**Work to be completed**
All entries below are to be returned exactly, with pictures left out.

Exercise materials START

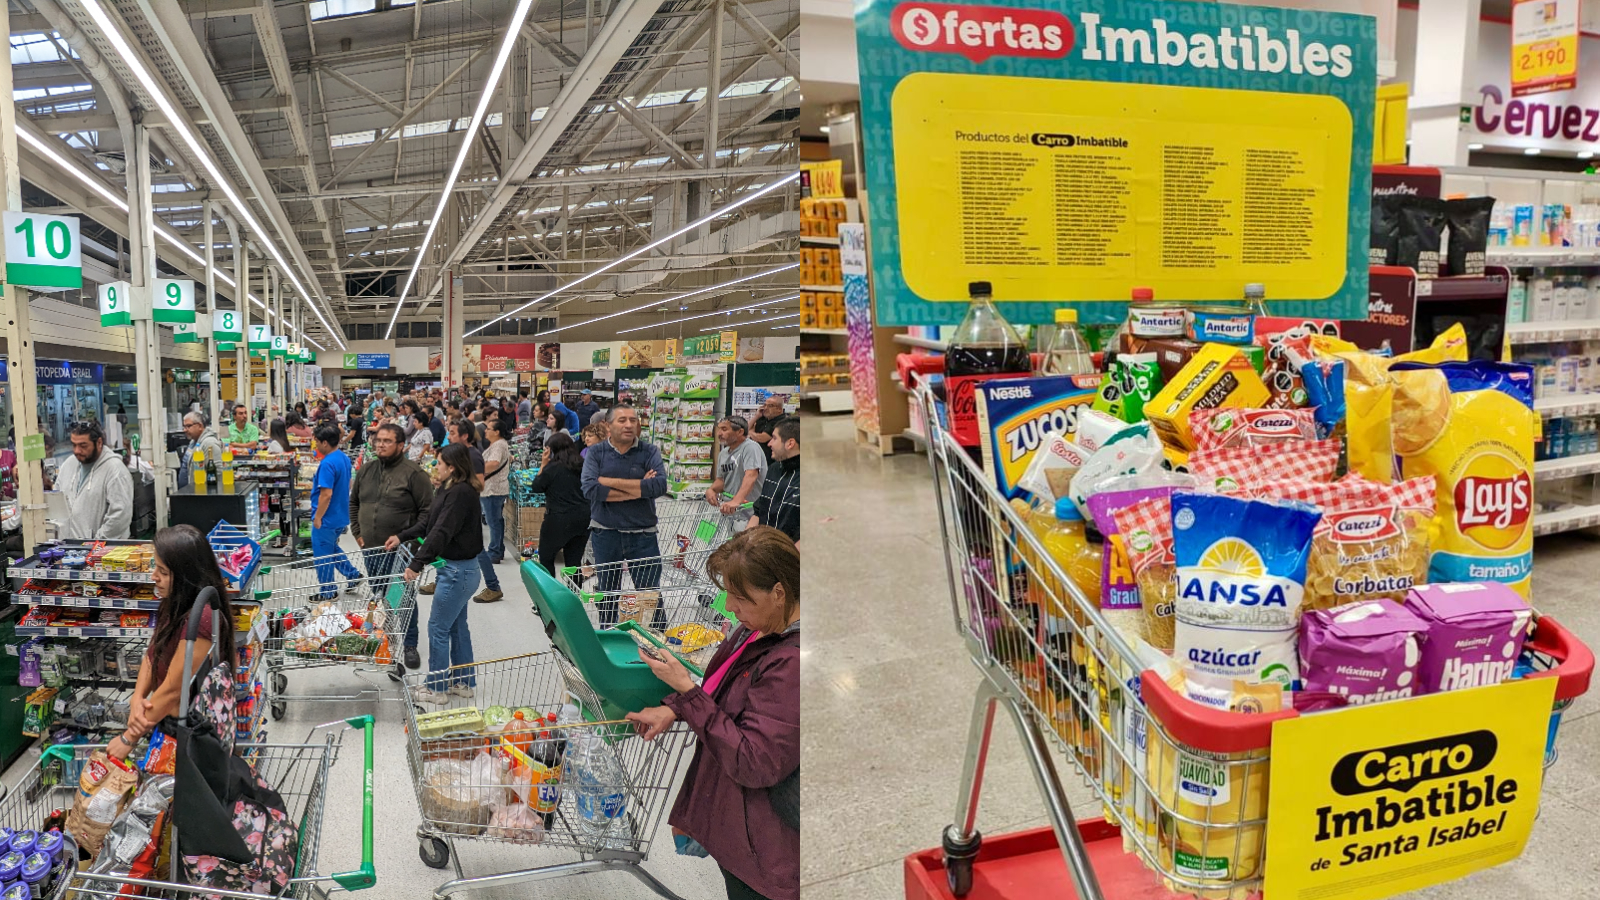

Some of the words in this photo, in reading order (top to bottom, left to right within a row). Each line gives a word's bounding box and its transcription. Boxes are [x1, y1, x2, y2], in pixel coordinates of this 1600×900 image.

[1081, 12, 1352, 77] Imbatibles
[955, 131, 1010, 143] Productos
[1013, 132, 1029, 143] del
[1037, 134, 1069, 146] Carro
[1076, 136, 1128, 148] Imbatible
[14, 218, 73, 260] 10
[107, 286, 117, 309] 9
[165, 283, 182, 306] 9
[223, 313, 234, 330] 8
[1141, 317, 1181, 326] Antartic
[1207, 323, 1247, 333] Antartic
[255, 327, 264, 340] 7
[275, 337, 282, 348] 6
[289, 344, 295, 353] 5
[71, 367, 92, 378] ISRAEL
[488, 359, 530, 371] pasles
[1254, 417, 1293, 428] Carozzi
[1006, 402, 1091, 463] ZUCOS
[1051, 438, 1082, 467] Costa
[1461, 475, 1528, 529] Lay's
[1338, 517, 1381, 532] Carozzi
[1469, 559, 1518, 578] tamaño
[1335, 575, 1413, 594] Corbatas
[1456, 635, 1494, 649] Máxima!
[1189, 648, 1261, 667] azúcar
[1336, 665, 1387, 681] Máxima!
[1440, 655, 1514, 692] Harina
[1355, 743, 1472, 788] Carro
[1315, 775, 1518, 842] Imbatible
[1310, 857, 1331, 871] de
[1340, 834, 1420, 867] Santa
[1427, 811, 1507, 848] Isabel
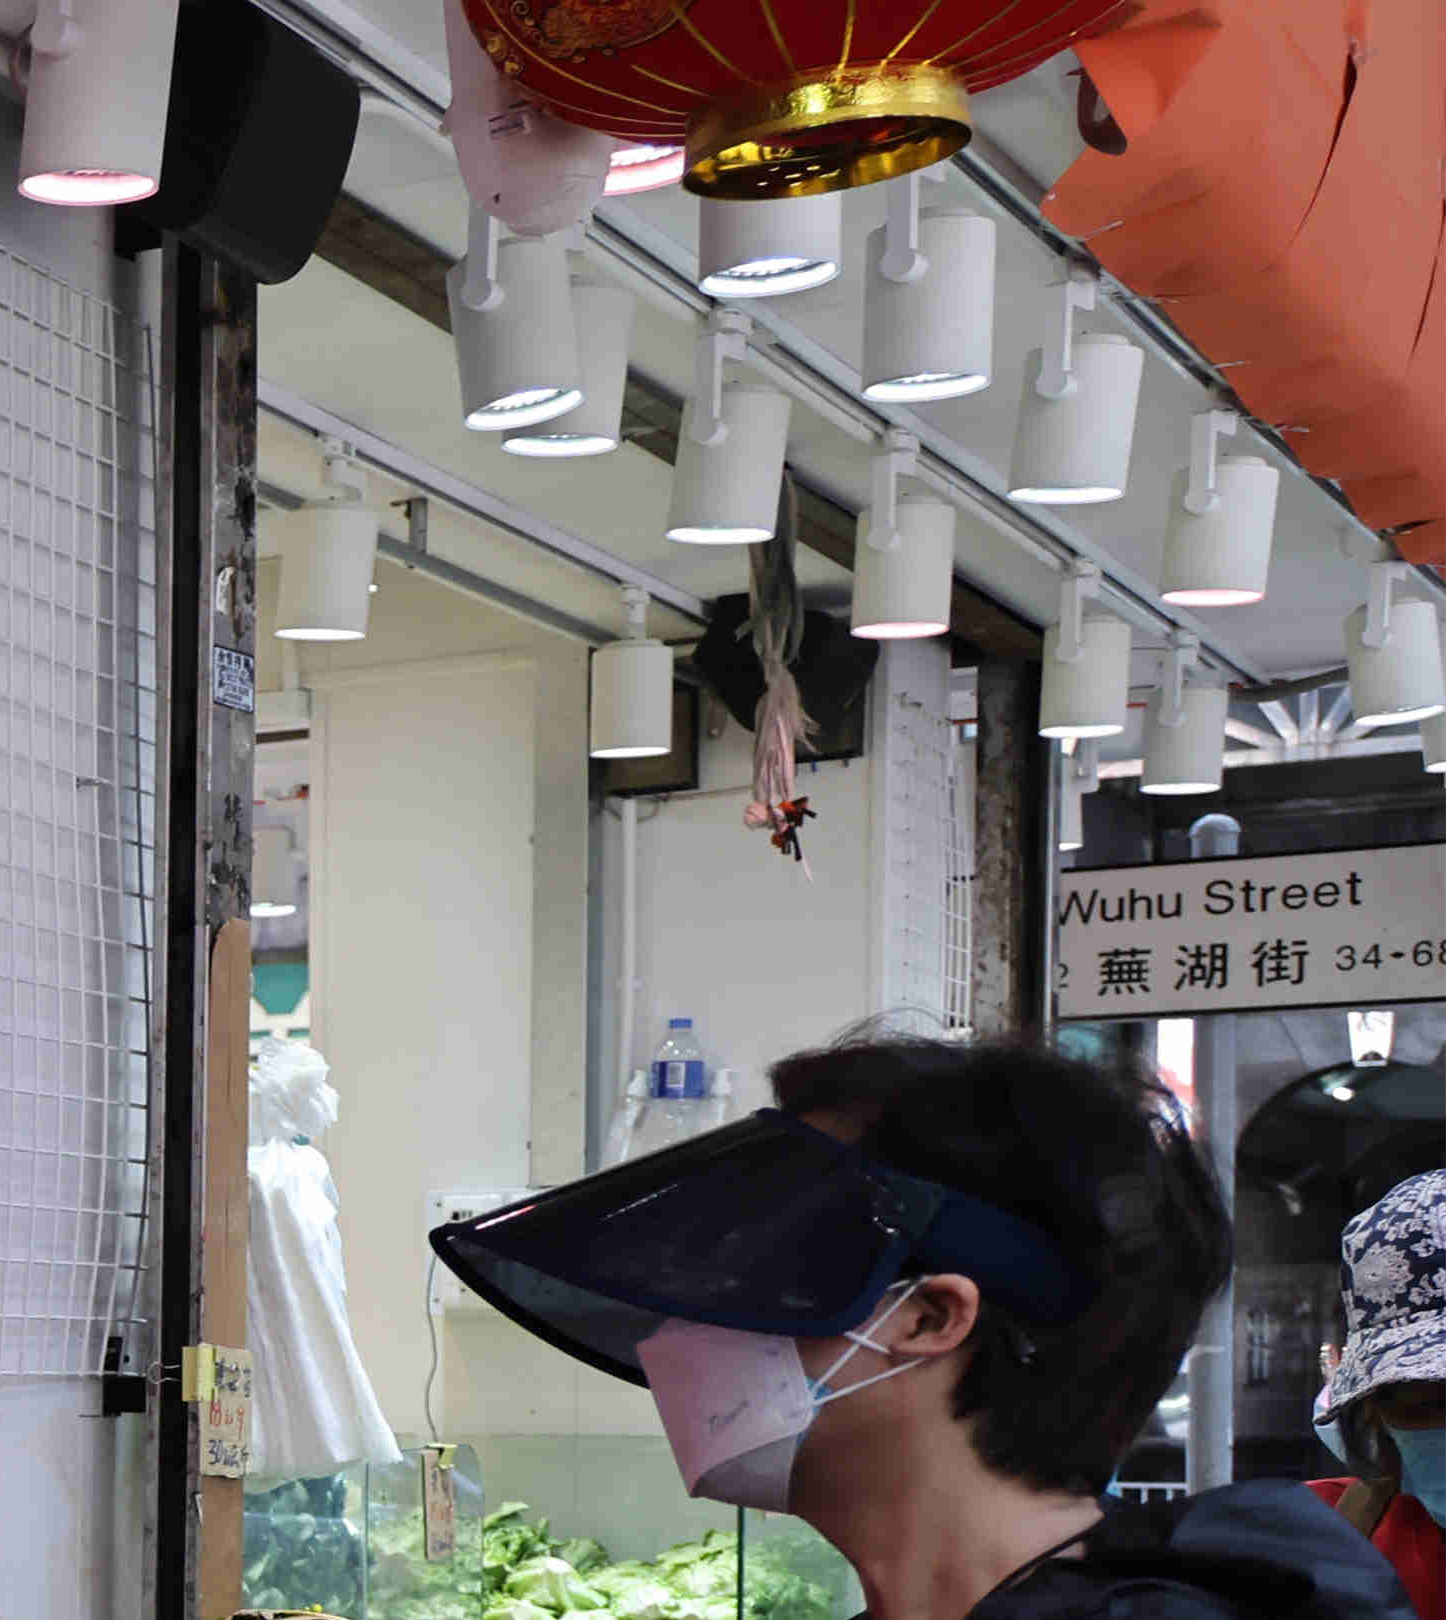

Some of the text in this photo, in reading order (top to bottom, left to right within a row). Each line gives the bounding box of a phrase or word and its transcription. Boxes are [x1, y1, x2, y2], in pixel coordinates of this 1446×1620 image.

[1060, 871, 1363, 926] Wuhu Street
[1097, 938, 1310, 997] 蕪湖街
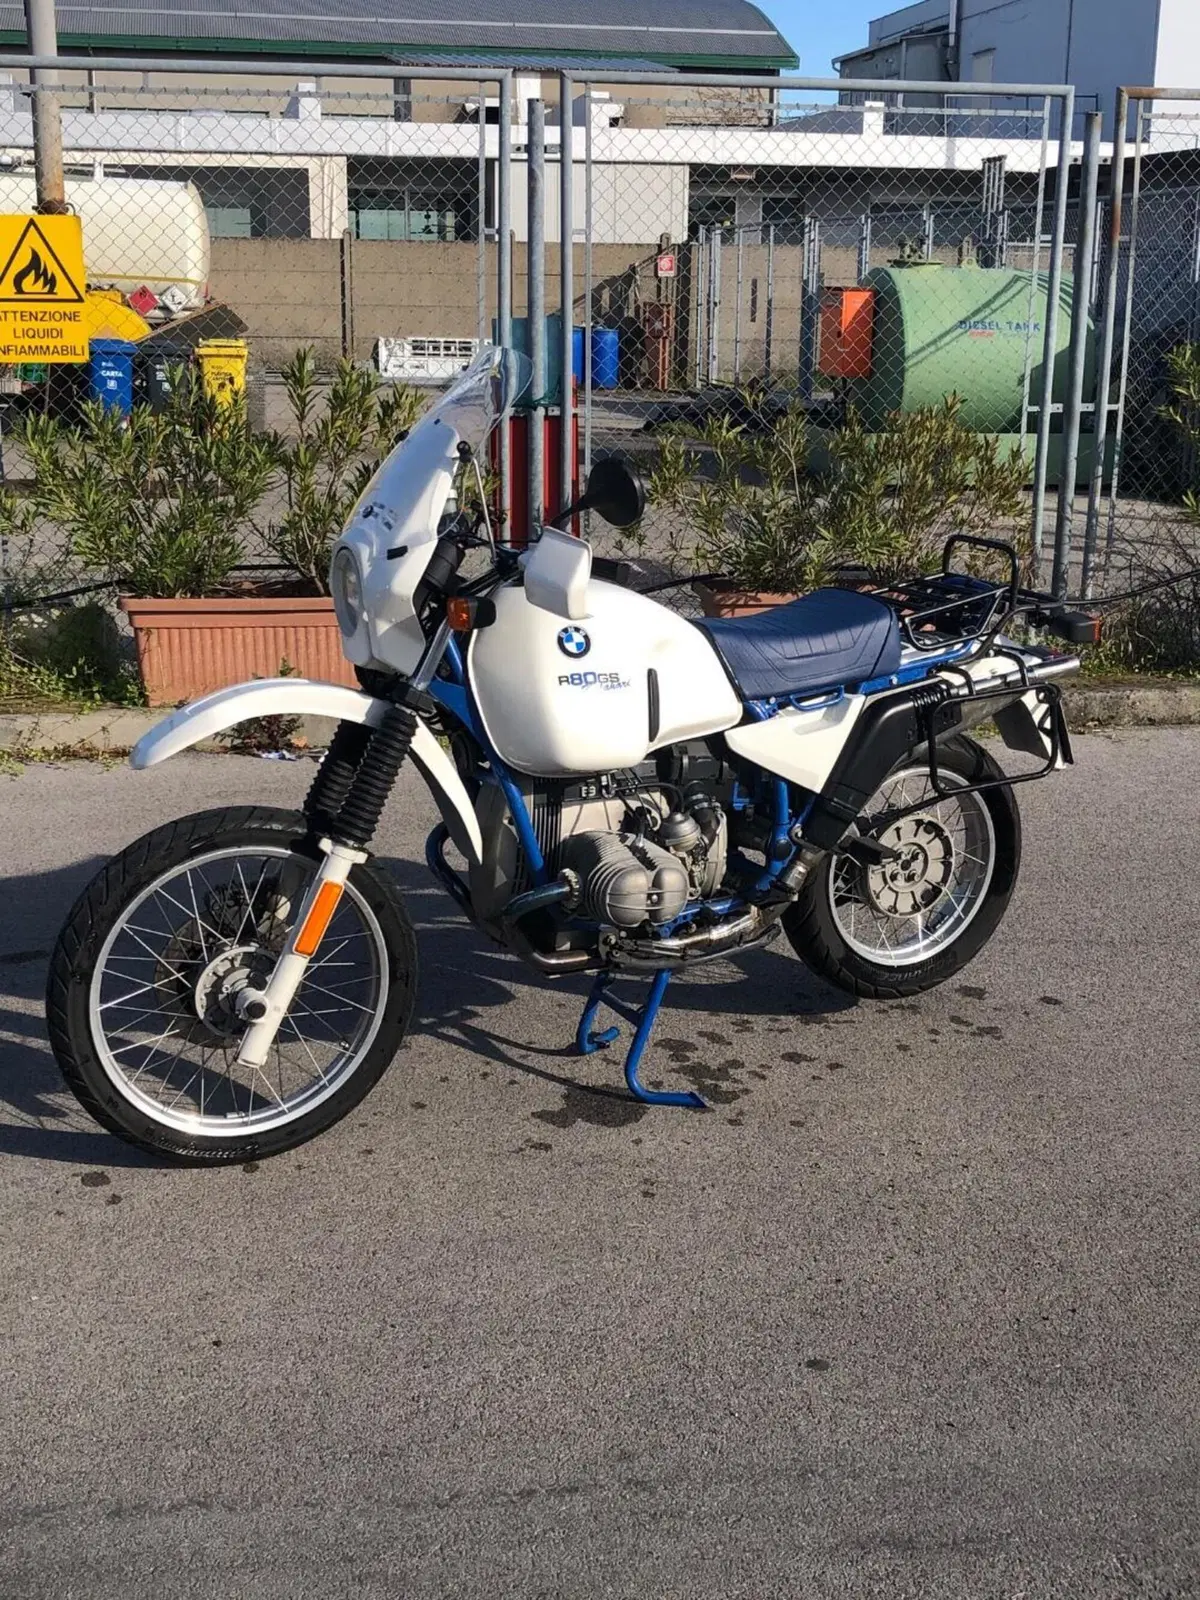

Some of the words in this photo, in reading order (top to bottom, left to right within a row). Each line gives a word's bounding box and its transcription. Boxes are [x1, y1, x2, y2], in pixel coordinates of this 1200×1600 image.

Exercise materials END

**Answer space**
Some of the words in this photo, in reading order (top to bottom, left to right within a row). Each line gives a word's bounding box and its transcription. Boxes are [x1, y1, x2, y2], in pixel coordinates of this 1600×900 image.

[1081, 12, 1352, 77] Imbatibles
[955, 131, 1010, 143] Productos
[1013, 132, 1029, 143] del
[1037, 134, 1069, 146] Carro
[1076, 136, 1128, 148] Imbatible
[14, 218, 73, 260] 10
[107, 286, 117, 309] 9
[165, 283, 182, 306] 9
[223, 313, 234, 330] 8
[1141, 317, 1181, 326] Antartic
[1207, 323, 1247, 333] Antartic
[255, 327, 264, 340] 7
[275, 337, 282, 348] 6
[289, 344, 295, 353] 5
[71, 367, 92, 378] ISRAEL
[488, 359, 530, 371] pasles
[1254, 417, 1293, 428] Carozzi
[1006, 402, 1091, 463] ZUCOS
[1051, 438, 1082, 467] Costa
[1461, 475, 1528, 529] Lay's
[1338, 517, 1381, 532] Carozzi
[1469, 559, 1518, 578] tamaño
[1335, 575, 1413, 594] Corbatas
[1456, 635, 1494, 649] Máxima!
[1189, 648, 1261, 667] azúcar
[1336, 665, 1387, 681] Máxima!
[1440, 655, 1514, 692] Harina
[1355, 743, 1472, 788] Carro
[1315, 775, 1518, 842] Imbatible
[1310, 857, 1331, 871] de
[1340, 834, 1420, 867] Santa
[1427, 811, 1507, 848] Isabel

Some of the text in this photo, in reading order (top to bottom, left to right within a row). Each line gives the bounding box of a phrase or word and its transcription. Boxes are [x1, y1, x2, y2], in pixel coordinates of this 1446×1620 image.

[1060, 871, 1363, 926] Wuhu Street
[1097, 938, 1310, 997] 蕪湖街

Some of the words in this photo, in reading order (top to bottom, left to right within a row). Each line gives a word's bounding box and its transcription. Boxes are [x1, y1, x2, y2], in pixel coordinates of this 1200×1600 image.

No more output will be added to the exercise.